== EXERCISE AIM ==
Quote the whole listing exactly. Leave the pictures out of your copy.

== MATERIAL PROVIDED ==

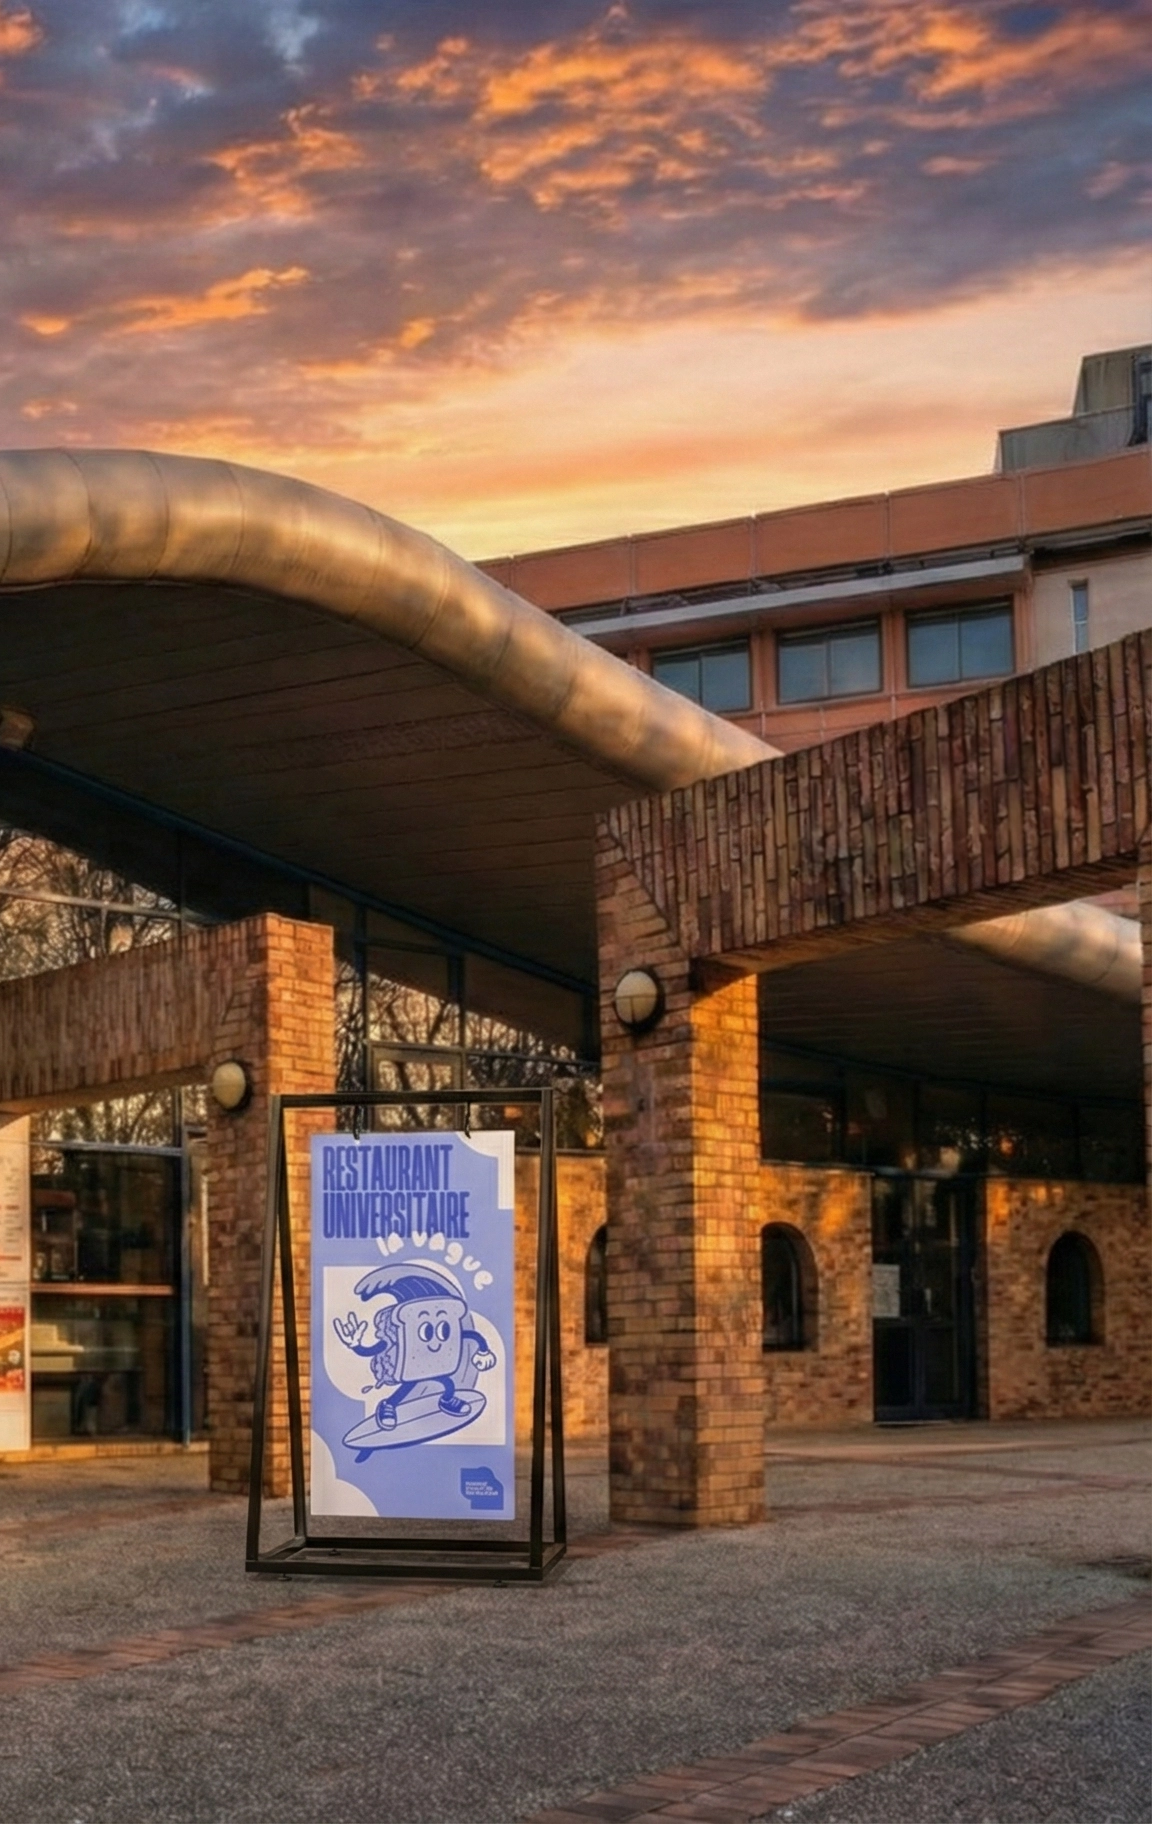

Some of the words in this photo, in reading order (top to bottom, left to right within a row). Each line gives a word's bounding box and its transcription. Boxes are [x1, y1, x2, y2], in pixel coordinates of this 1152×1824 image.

[323, 1145, 453, 1191] RESTAURANT
[323, 1191, 470, 1239] UNIVERSITAIRE
[376, 1231, 404, 1257] la
[411, 1230, 493, 1291] vague
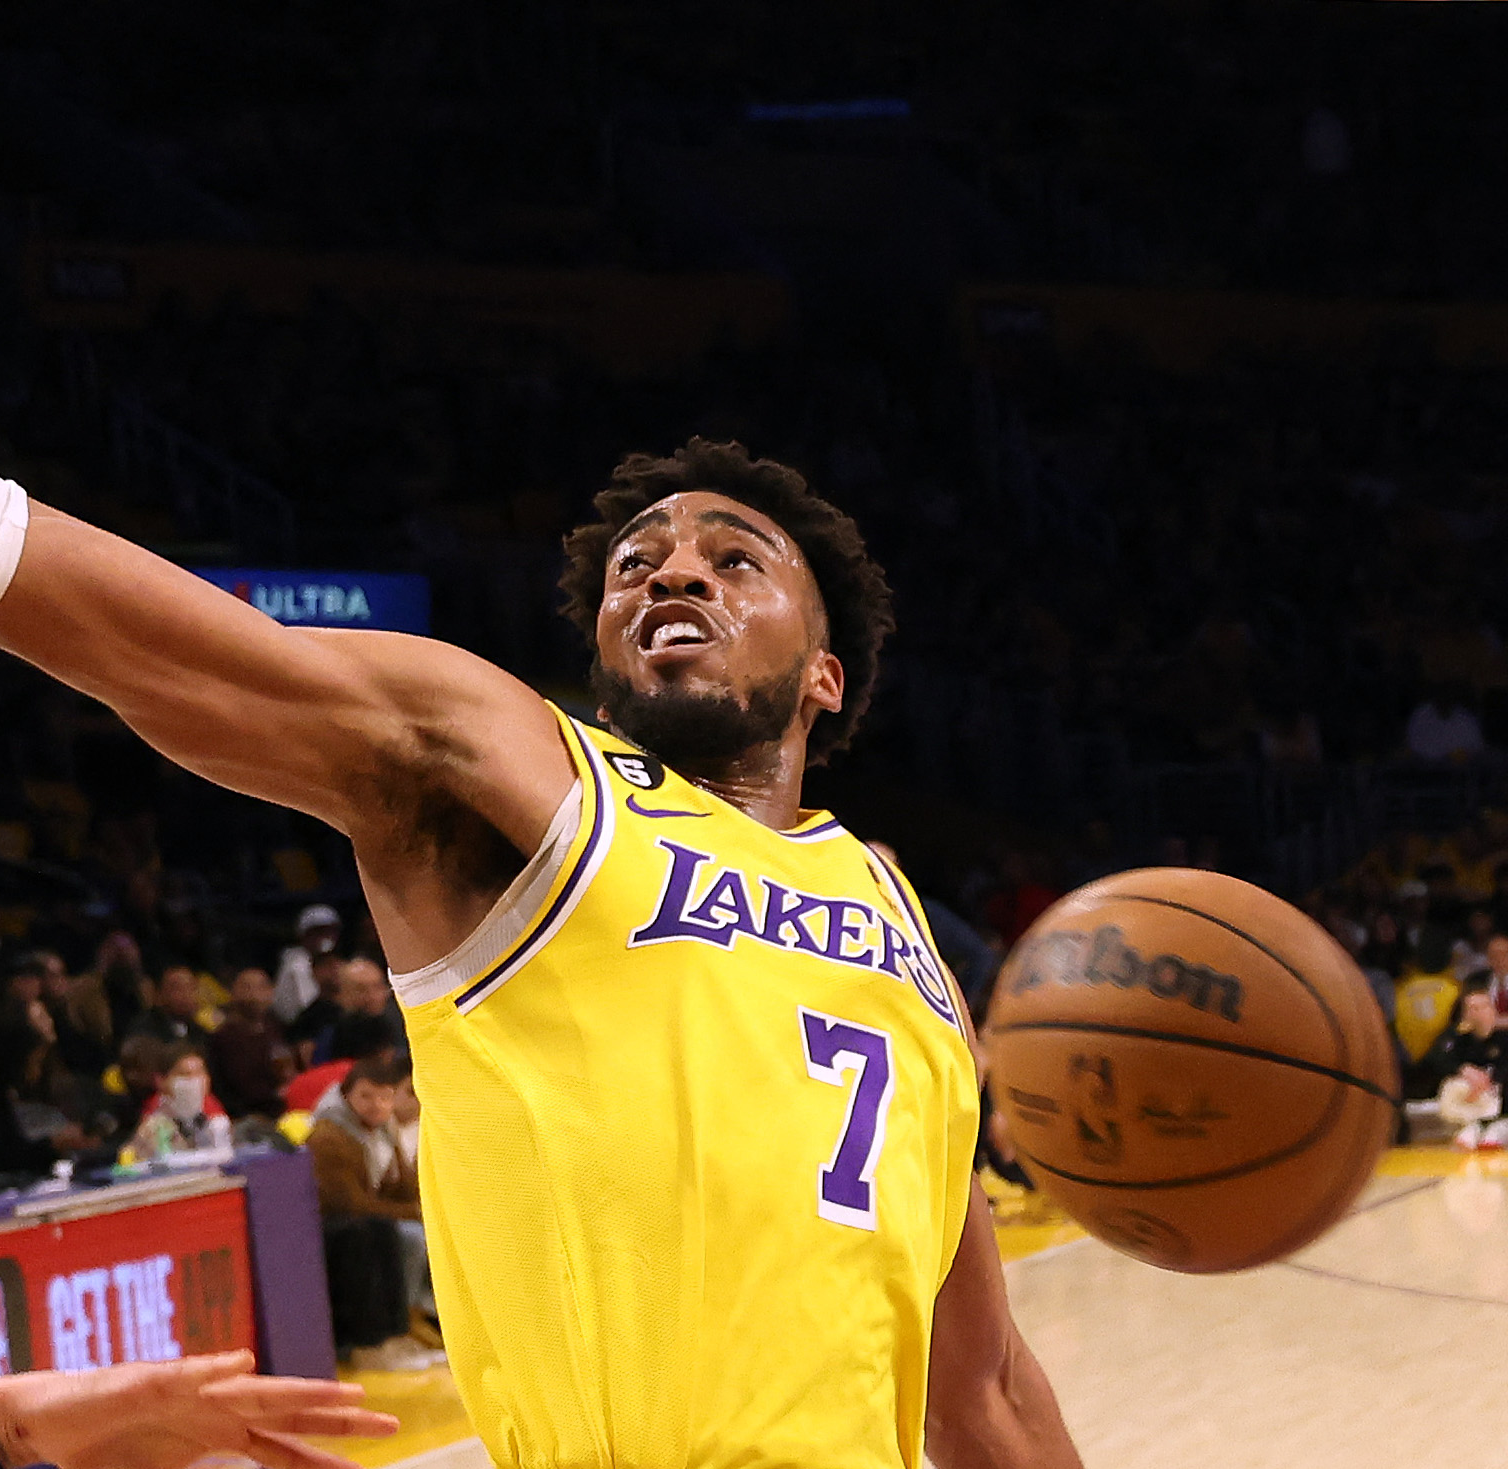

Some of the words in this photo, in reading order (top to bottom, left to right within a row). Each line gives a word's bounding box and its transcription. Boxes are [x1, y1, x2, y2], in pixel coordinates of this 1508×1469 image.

[252, 583, 371, 621] ULTRA
[612, 756, 653, 788] 6
[626, 835, 960, 1032] LAKERS
[797, 1004, 894, 1231] 7
[48, 1268, 114, 1374] GET
[114, 1253, 182, 1367] THE
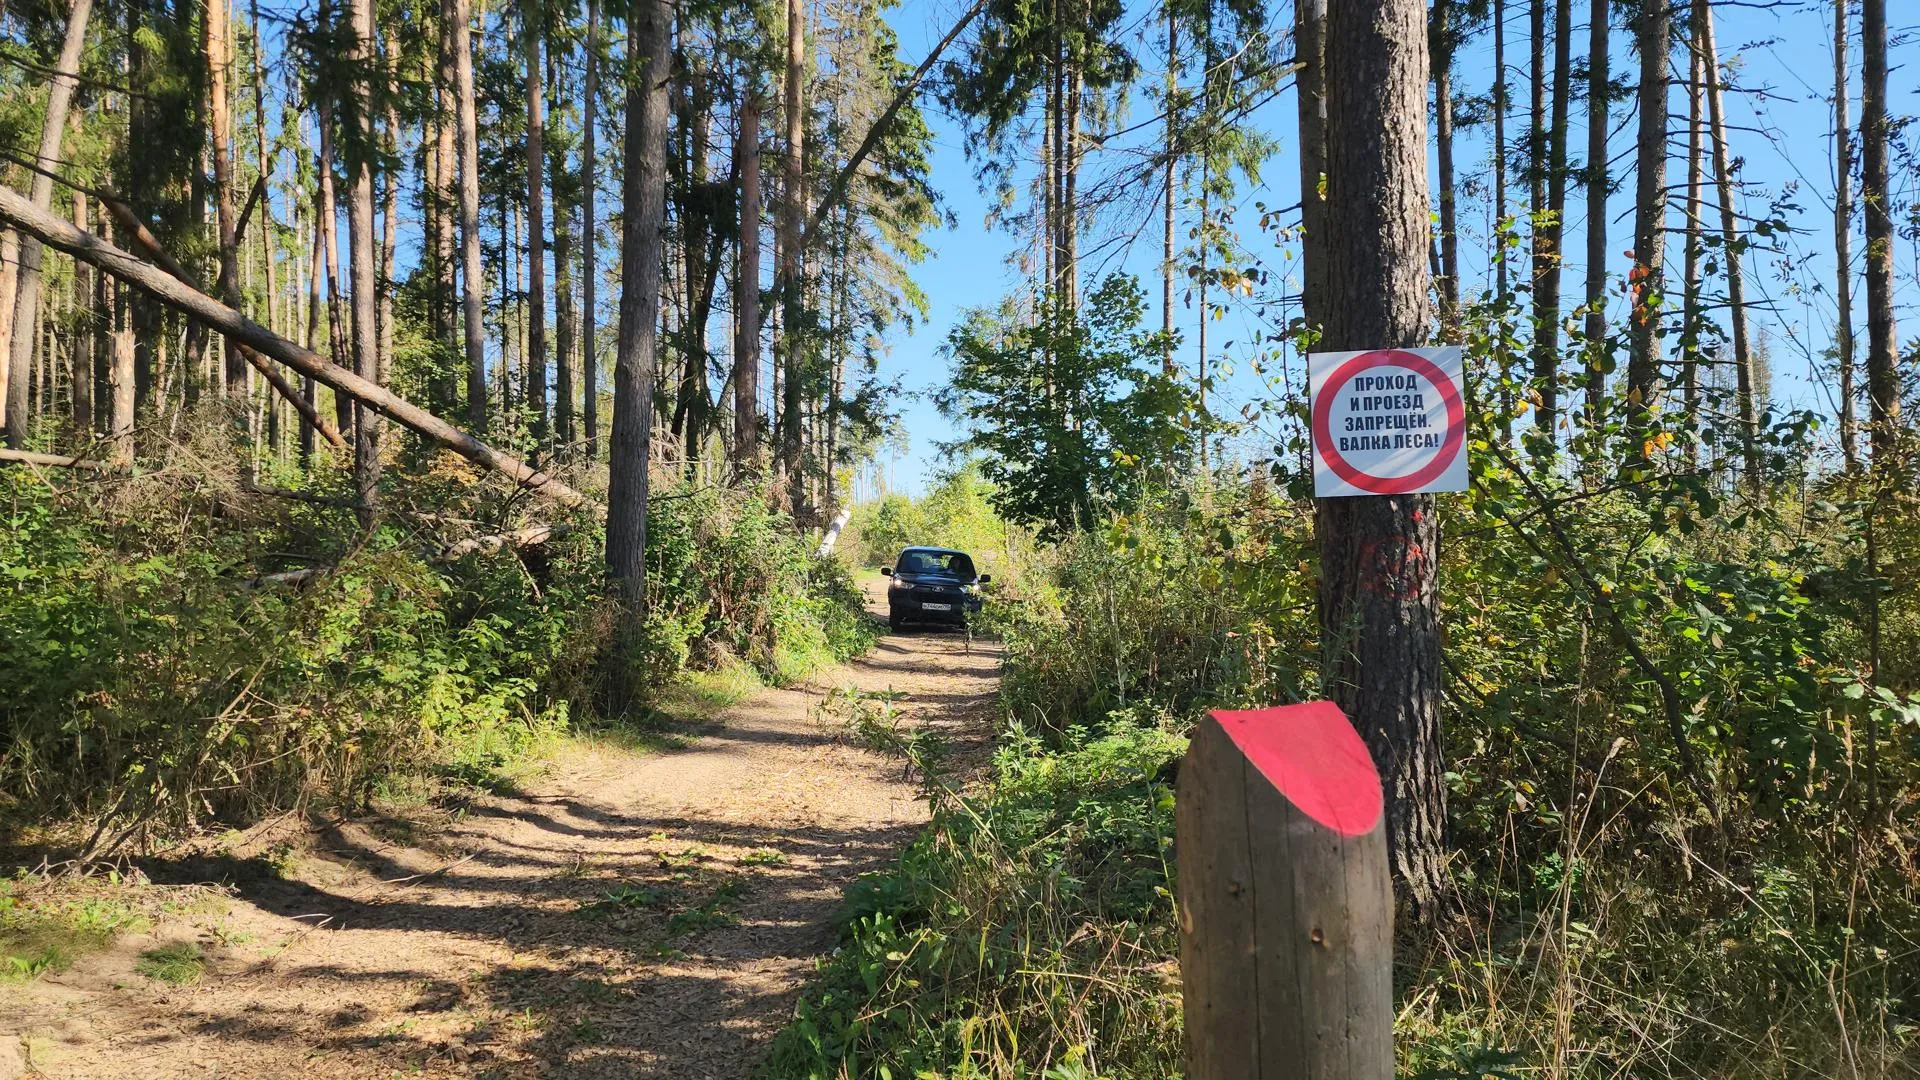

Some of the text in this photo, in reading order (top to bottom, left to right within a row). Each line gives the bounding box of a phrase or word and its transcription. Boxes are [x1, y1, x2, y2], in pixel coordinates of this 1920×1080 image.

[1355, 375, 1417, 391] ПРОХОД
[1350, 394, 1424, 411] И ПРОЕЗД
[1345, 412, 1431, 431] ЗАПРЕЩЁН.
[1340, 433, 1439, 451] ВАЛКА ЛЕСА!

== RESULT OF THIS TASK ==
Some of the words in this photo, in reading order (top to bottom, left to right within a row). Each line gives a word's bounding box and its transcription. Boxes are [x1, y1, x2, y2], in pixel coordinates of this 1152×1824 image.

[323, 1145, 453, 1191] RESTAURANT
[323, 1191, 470, 1239] UNIVERSITAIRE
[376, 1231, 404, 1257] la
[411, 1230, 493, 1291] vague

Some of the words in this photo, in reading order (top to bottom, left to right within a row). Each line gives a word's bounding box and its transcription. Boxes are [x1, y1, x2, y2], in pixel coordinates of this 1508×1469 image.

[252, 583, 371, 621] ULTRA
[612, 756, 653, 788] 6
[626, 835, 960, 1032] LAKERS
[797, 1004, 894, 1231] 7
[48, 1268, 114, 1374] GET
[114, 1253, 182, 1367] THE

Some of the text in this photo, in reading order (top to bottom, left to right within a row). Each line gives the bounding box of a phrase or word and its transcription. Boxes are [x1, y1, x2, y2], in pixel coordinates of this 1920×1080 image.

[1355, 375, 1417, 391] ПРОХОД
[1350, 394, 1424, 411] И ПРОЕЗД
[1345, 412, 1431, 431] ЗАПРЕЩЁН.
[1340, 433, 1439, 451] ВАЛКА ЛЕСА!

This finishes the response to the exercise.